■ Task description: Set all of the entries down again precisely as they are written.

■ Information:
*** Block opens ***
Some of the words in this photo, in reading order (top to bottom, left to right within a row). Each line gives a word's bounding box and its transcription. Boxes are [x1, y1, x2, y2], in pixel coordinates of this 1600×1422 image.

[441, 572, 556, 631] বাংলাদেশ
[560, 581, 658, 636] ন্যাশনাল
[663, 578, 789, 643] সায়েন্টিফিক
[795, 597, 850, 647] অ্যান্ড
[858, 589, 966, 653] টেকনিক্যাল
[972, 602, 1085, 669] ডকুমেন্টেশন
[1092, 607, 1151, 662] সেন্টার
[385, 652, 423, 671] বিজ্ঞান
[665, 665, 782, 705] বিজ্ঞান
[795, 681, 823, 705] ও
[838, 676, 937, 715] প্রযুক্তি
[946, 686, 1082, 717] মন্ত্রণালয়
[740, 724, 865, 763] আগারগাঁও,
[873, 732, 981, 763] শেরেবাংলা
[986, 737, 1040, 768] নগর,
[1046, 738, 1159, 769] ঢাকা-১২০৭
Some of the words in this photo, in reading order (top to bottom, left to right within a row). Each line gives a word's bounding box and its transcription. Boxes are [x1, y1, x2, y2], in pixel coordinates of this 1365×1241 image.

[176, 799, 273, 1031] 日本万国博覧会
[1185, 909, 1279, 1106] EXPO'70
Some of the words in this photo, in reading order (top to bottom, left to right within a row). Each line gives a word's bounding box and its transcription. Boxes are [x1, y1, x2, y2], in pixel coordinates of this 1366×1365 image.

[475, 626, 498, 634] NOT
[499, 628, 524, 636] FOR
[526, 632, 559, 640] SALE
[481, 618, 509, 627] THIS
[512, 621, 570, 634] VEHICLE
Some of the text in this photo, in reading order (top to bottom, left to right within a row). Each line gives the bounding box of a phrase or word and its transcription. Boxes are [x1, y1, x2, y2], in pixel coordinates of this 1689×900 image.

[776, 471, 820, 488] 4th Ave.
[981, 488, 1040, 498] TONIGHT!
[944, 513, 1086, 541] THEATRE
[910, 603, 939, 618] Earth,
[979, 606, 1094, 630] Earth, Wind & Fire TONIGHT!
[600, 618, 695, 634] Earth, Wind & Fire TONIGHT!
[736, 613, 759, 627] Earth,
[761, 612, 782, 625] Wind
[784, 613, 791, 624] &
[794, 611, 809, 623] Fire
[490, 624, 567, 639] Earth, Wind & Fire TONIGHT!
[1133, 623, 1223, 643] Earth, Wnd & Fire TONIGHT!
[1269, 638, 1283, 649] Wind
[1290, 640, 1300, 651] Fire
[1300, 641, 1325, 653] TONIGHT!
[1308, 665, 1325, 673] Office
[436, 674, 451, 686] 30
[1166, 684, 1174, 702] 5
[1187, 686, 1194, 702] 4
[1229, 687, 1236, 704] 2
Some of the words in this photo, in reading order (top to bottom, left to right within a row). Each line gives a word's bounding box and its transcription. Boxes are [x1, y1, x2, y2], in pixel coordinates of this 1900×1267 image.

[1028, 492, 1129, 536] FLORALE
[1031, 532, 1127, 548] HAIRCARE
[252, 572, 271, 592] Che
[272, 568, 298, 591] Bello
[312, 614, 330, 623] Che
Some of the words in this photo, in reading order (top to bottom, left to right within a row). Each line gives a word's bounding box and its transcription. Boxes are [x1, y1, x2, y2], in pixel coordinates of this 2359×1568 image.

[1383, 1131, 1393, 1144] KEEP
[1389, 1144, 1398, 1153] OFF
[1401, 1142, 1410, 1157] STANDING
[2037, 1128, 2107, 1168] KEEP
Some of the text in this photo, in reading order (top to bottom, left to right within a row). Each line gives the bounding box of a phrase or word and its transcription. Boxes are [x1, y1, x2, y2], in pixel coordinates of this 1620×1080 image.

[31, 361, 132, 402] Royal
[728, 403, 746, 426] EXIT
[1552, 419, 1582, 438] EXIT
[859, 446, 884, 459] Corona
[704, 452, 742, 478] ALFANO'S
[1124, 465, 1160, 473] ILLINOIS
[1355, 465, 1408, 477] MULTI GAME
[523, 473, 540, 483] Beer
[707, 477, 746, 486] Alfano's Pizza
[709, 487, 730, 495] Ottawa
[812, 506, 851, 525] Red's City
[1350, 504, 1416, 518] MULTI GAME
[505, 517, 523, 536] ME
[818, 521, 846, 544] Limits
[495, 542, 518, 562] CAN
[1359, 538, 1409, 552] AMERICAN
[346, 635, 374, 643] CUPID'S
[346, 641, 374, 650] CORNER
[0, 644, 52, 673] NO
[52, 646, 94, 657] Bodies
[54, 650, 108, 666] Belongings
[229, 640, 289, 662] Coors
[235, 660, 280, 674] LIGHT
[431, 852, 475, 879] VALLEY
*** Block closes ***
■ Exercise solution:
Some of the words in this photo, in reading order (top to bottom, left to right within a row). Each line gives a word's bounding box and its transcription. Boxes are [x1, y1, x2, y2], in pixel coordinates of this 1600×1422 image.

[441, 572, 556, 631] বাংলাদেশ
[560, 581, 658, 636] ন্যাশনাল
[663, 578, 789, 643] সায়েন্টিফিক
[795, 597, 850, 647] অ্যান্ড
[858, 589, 966, 653] টেকনিক্যাল
[972, 602, 1085, 669] ডকুমেন্টেশন
[1092, 607, 1151, 662] সেন্টার
[385, 652, 423, 671] বিজ্ঞান
[665, 665, 782, 705] বিজ্ঞান
[795, 681, 823, 705] ও
[838, 676, 937, 715] প্রযুক্তি
[946, 686, 1082, 717] মন্ত্রণালয়
[740, 724, 865, 763] আগারগাঁও,
[873, 732, 981, 763] শেরেবাংলা
[986, 737, 1040, 768] নগর,
[1046, 738, 1159, 769] ঢাকা-১২০৭
Some of the words in this photo, in reading order (top to bottom, left to right within a row). Each line gives a word's bounding box and its transcription. Boxes are [x1, y1, x2, y2], in pixel coordinates of this 1365×1241 image.

[176, 799, 273, 1031] 日本万国博覧会
[1185, 909, 1279, 1106] EXPO'70
Some of the words in this photo, in reading order (top to bottom, left to right within a row). Each line gives a word's bounding box and its transcription. Boxes are [x1, y1, x2, y2], in pixel coordinates of this 1366×1365 image.

[475, 626, 498, 634] NOT
[499, 628, 524, 636] FOR
[526, 632, 559, 640] SALE
[481, 618, 509, 627] THIS
[512, 621, 570, 634] VEHICLE
Some of the text in this photo, in reading order (top to bottom, left to right within a row). Each line gives the bounding box of a phrase or word and its transcription. Boxes are [x1, y1, x2, y2], in pixel coordinates of this 1689×900 image.

[776, 471, 820, 488] 4th Ave.
[981, 488, 1040, 498] TONIGHT!
[944, 513, 1086, 541] THEATRE
[910, 603, 939, 618] Earth,
[979, 606, 1094, 630] Earth, Wind & Fire TONIGHT!
[600, 618, 695, 634] Earth, Wind & Fire TONIGHT!
[736, 613, 759, 627] Earth,
[761, 612, 782, 625] Wind
[784, 613, 791, 624] &
[794, 611, 809, 623] Fire
[490, 624, 567, 639] Earth, Wind & Fire TONIGHT!
[1133, 623, 1223, 643] Earth, Wnd & Fire TONIGHT!
[1269, 638, 1283, 649] Wind
[1290, 640, 1300, 651] Fire
[1300, 641, 1325, 653] TONIGHT!
[1308, 665, 1325, 673] Office
[436, 674, 451, 686] 30
[1166, 684, 1174, 702] 5
[1187, 686, 1194, 702] 4
[1229, 687, 1236, 704] 2
Some of the words in this photo, in reading order (top to bottom, left to right within a row). Each line gives a word's bounding box and its transcription. Boxes are [x1, y1, x2, y2], in pixel coordinates of this 1900×1267 image.

[1028, 492, 1129, 536] FLORALE
[1031, 532, 1127, 548] HAIRCARE
[252, 572, 271, 592] Che
[272, 568, 298, 591] Bello
[312, 614, 330, 623] Che
Some of the words in this photo, in reading order (top to bottom, left to right within a row). Each line gives a word's bounding box and its transcription. Boxes are [x1, y1, x2, y2], in pixel coordinates of this 2359×1568 image.

[1383, 1131, 1393, 1144] KEEP
[1389, 1144, 1398, 1153] OFF
[1401, 1142, 1410, 1157] STANDING
[2037, 1128, 2107, 1168] KEEP
Some of the text in this photo, in reading order (top to bottom, left to right within a row). Each line gives the bounding box of a phrase or word and its transcription. Boxes are [x1, y1, x2, y2], in pixel coordinates of this 1620×1080 image.

[31, 361, 132, 402] Royal
[728, 403, 746, 426] EXIT
[1552, 419, 1582, 438] EXIT
[859, 446, 884, 459] Corona
[704, 452, 742, 478] ALFANO'S
[1124, 465, 1160, 473] ILLINOIS
[1355, 465, 1408, 477] MULTI GAME
[523, 473, 540, 483] Beer
[707, 477, 746, 486] Alfano's Pizza
[709, 487, 730, 495] Ottawa
[812, 506, 851, 525] Red's City
[1350, 504, 1416, 518] MULTI GAME
[505, 517, 523, 536] ME
[818, 521, 846, 544] Limits
[495, 542, 518, 562] CAN
[1359, 538, 1409, 552] AMERICAN
[346, 635, 374, 643] CUPID'S
[346, 641, 374, 650] CORNER
[0, 644, 52, 673] NO
[52, 646, 94, 657] Bodies
[54, 650, 108, 666] Belongings
[229, 640, 289, 662] Coors
[235, 660, 280, 674] LIGHT
[431, 852, 475, 879] VALLEY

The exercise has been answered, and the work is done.